Now, with the announcement of a new clinic going into the Portland suburb of Milwaukie and the search for new medical staff, one gets a better idea of just what PPCW’s long term plans might be.
Abortions and abortion rates have dropped in Oregon to their lowest levels since Roe v. Wade, similar to what has been seen in the U.S. as a whole. One corollary, if not an outright contributor to that decline, has been the drop in the number of abortionists in the U.S. There were, for example, 2,918 in 1982, but only 1,720 as of 2011, according to the Guttmacher Institute.

The abortion industry, unable to force medical schools to mandate abortion training, turned to other measures, like getting states to allow non-surgeons, even non-physicians like physician assistants, nurse practitioners, and certified nurse midwives to perform surgical or chemical abortions.
Chemical abortion itself was one way to expand abortion to new areas.

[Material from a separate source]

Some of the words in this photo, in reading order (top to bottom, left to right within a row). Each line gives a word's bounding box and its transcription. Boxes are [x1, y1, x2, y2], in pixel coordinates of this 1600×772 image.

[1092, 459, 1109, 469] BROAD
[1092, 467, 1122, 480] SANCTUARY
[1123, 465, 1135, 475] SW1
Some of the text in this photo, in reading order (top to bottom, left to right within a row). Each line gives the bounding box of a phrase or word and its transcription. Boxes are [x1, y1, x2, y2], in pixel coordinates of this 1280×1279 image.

Thanks to lobbying by the abortion industry, the government did not require clinics to have surgical equipment or abortionists to have surgical training (to handle complications or incomplete abortions) in order to offer the new abortion pills.

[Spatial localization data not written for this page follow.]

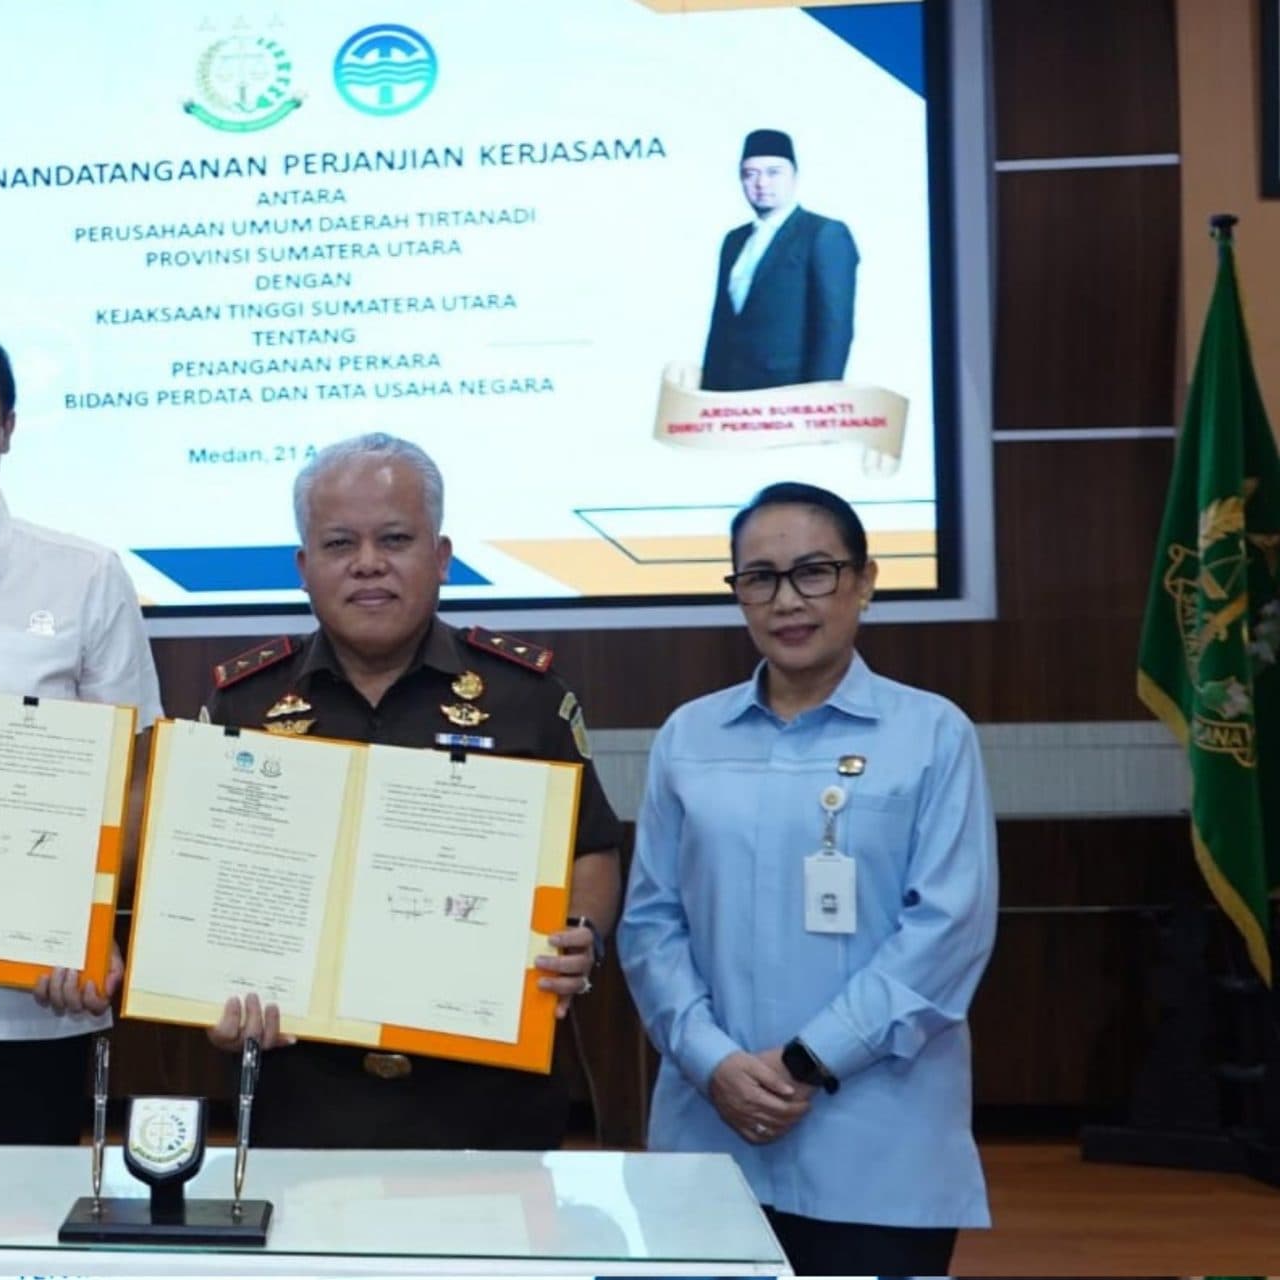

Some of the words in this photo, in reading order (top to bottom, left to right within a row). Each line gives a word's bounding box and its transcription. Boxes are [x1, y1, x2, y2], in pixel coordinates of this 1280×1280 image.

[283, 146, 464, 177] PERJANJIAN
[479, 136, 667, 167] KERJASAMA
[255, 187, 347, 207] ANTARA
[74, 220, 225, 243] PERUSAHAAN
[231, 217, 313, 237] UMUM
[319, 212, 410, 234] DAERAH
[417, 207, 537, 228] TIRTANADI
[145, 248, 251, 268] PROVINSI
[257, 242, 381, 263] SUMATERA
[387, 238, 462, 258] UTARA
[255, 272, 352, 292] DENGAN
[96, 304, 221, 325] KEJAKSAAN
[228, 300, 304, 319] TINGGI
[311, 296, 436, 317] SUMATERA
[441, 293, 517, 312] UTARA
[252, 328, 356, 347] TENTANG
[171, 356, 332, 378] PENANGANAN
[338, 352, 441, 371] PERKARA
[65, 390, 150, 410] BIDANG
[156, 386, 253, 406] PERDATA
[260, 385, 308, 403] DAN
[315, 382, 367, 400] TATA
[373, 380, 453, 399] USAHA
[459, 376, 555, 396] NEGARA
[699, 407, 762, 419] ARDIAN
[770, 403, 854, 416] SURBAKTI
[668, 423, 713, 434] DIRUT
[188, 447, 269, 465] Medan,
[274, 445, 297, 462] 21

Not surprisingly, that has allowed large industry groups like Planned Parenthood to add chemical abortions to a lot of their smaller, previously non-abortion performing clinics.
That is, if they can find the personnel to administer them.
Planned Parenthood’s giant Iowa affiliate, Planned Parenthood of the Heartland, has pioneered the campaign to eliminate the need for on-site highly trained medical personnel entirely. They are the masters of the “web-cam” system whereby mothers, possibly a hundred miles away or more, communicate via web-cam with the abortionist back at a central office who reviews their records and asks a few questions.

He clicks a computer mouse which releases a drawer which contains the two abortifacient drugs back at the patient’s location. She takes the first drug mifepristone there while in communication and then takes the second drug, a prostaglandin, later at home. A certified medical assistant with a few community college classes may take her blood pressure, but if she has problems, but if the woman has problems, she can only call a hotline or try to make it to her local E.R.

PPCW hasn’t gone that far, but is apparently looking for nurses to fill the abortionist gap in Oregon.
Apparently they believe that if they can get a nurse practitioner or certified mid-wife willing to “Perform medication abortions” and “Assist in abortion and sterilization services,” they can not only keep their remaining clinics open but open a new center in Milwaukie.

The person PPCW is looking to hire is expected to have the education needed for relevant state licenses (Oregon allows non-physicians like nurse practitioners and nurse midwives to perform abortion) and should be “Eligible and able to pursue prescriptive authority with current licensure.”
PPCW’s listing on “Health Hires” of the Lund Report website appears to have been pulled, the position possibly filled, but was up as recently as two weeks ago (5/21/15). How many saw and applied for the position is not known, though everything points to PPCW’s continuing to move forward with the new Milwaukie center.

It is not good news, but it does illustrate how different developments in the abortion industry are all tied together. With abortions dropping and doctors getting out of the abortion business, the industry is turning to chemical abortions and less trained medical personnel to keep their clinics open and stay profitable.

The big abortion drops illustrate how far we’ve come, the impact we’ve had, but events like this serves as a warning not to take things for granted, as the industry will adapt in order to try and stay in business.